* **Data extract**
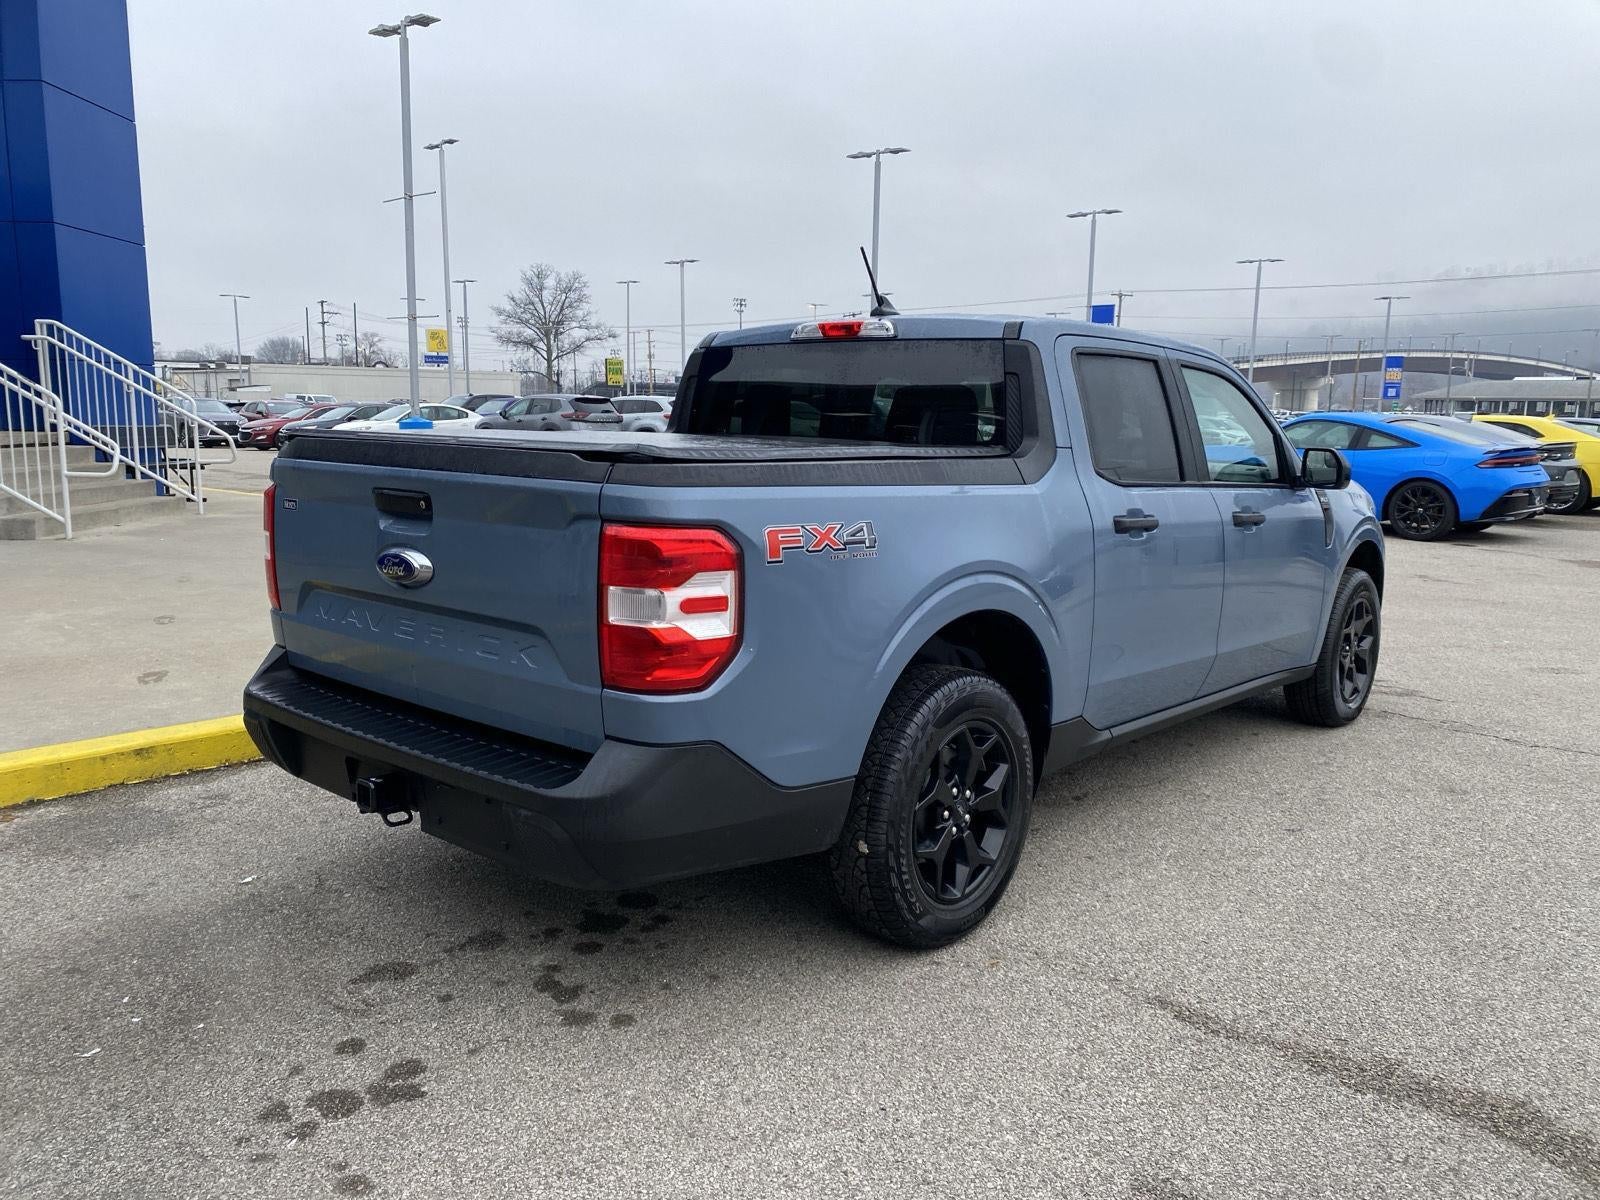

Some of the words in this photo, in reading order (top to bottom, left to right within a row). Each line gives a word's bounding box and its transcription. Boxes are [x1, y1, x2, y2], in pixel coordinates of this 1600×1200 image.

[382, 556, 405, 576] Ford
[763, 520, 878, 566] FX4
[314, 604, 539, 669] MAVERICK
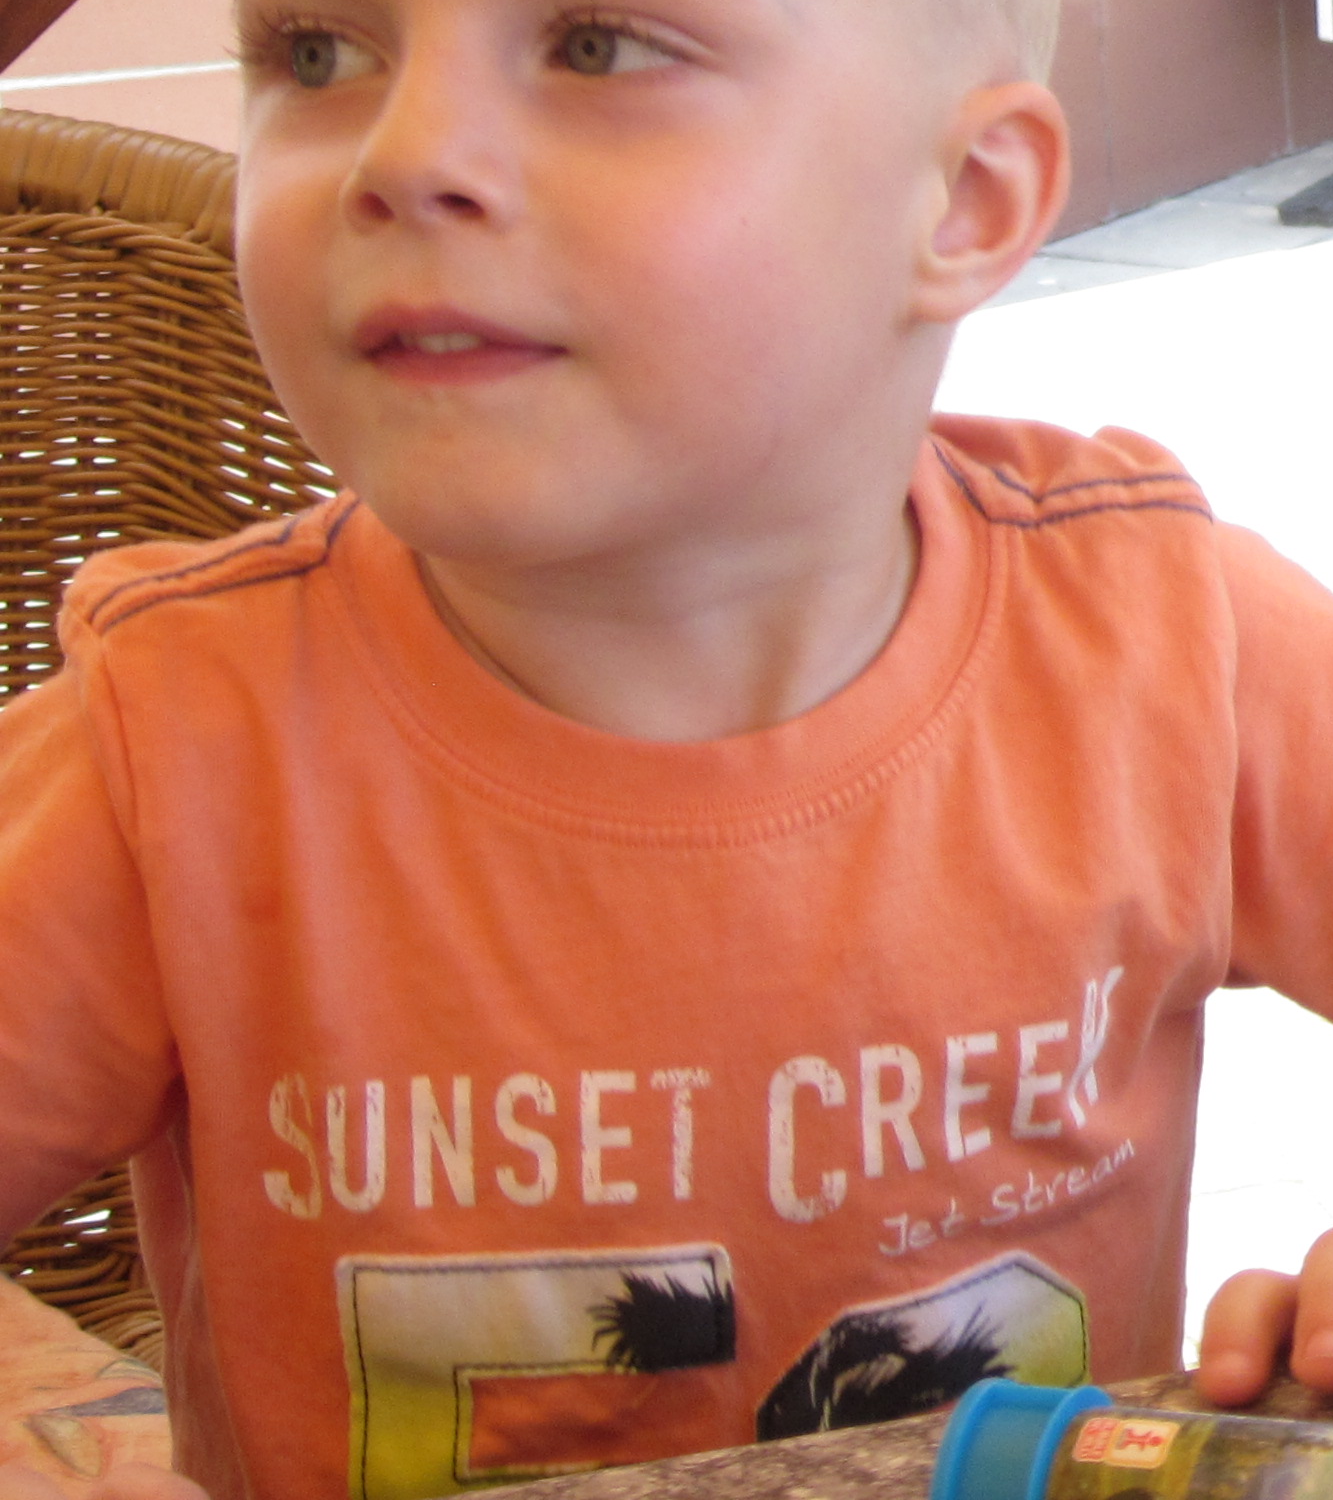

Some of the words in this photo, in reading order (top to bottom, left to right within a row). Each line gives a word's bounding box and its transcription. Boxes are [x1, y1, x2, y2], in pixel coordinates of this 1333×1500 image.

[261, 1067, 712, 1221] SUNSET
[766, 966, 1124, 1223] CREEK
[878, 1200, 962, 1257] Jet
[981, 1137, 1137, 1228] Stream

* **What is required**
Return the lines above, from the one containing "this 1333×1500 image." to the end, exactly as they stand.

* **Task response**
Some of the words in this photo, in reading order (top to bottom, left to right within a row). Each line gives a word's bounding box and its transcription. Boxes are [x1, y1, x2, y2], in pixel coordinates of this 1333×1500 image.

[261, 1067, 712, 1221] SUNSET
[766, 966, 1124, 1223] CREEK
[878, 1200, 962, 1257] Jet
[981, 1137, 1137, 1228] Stream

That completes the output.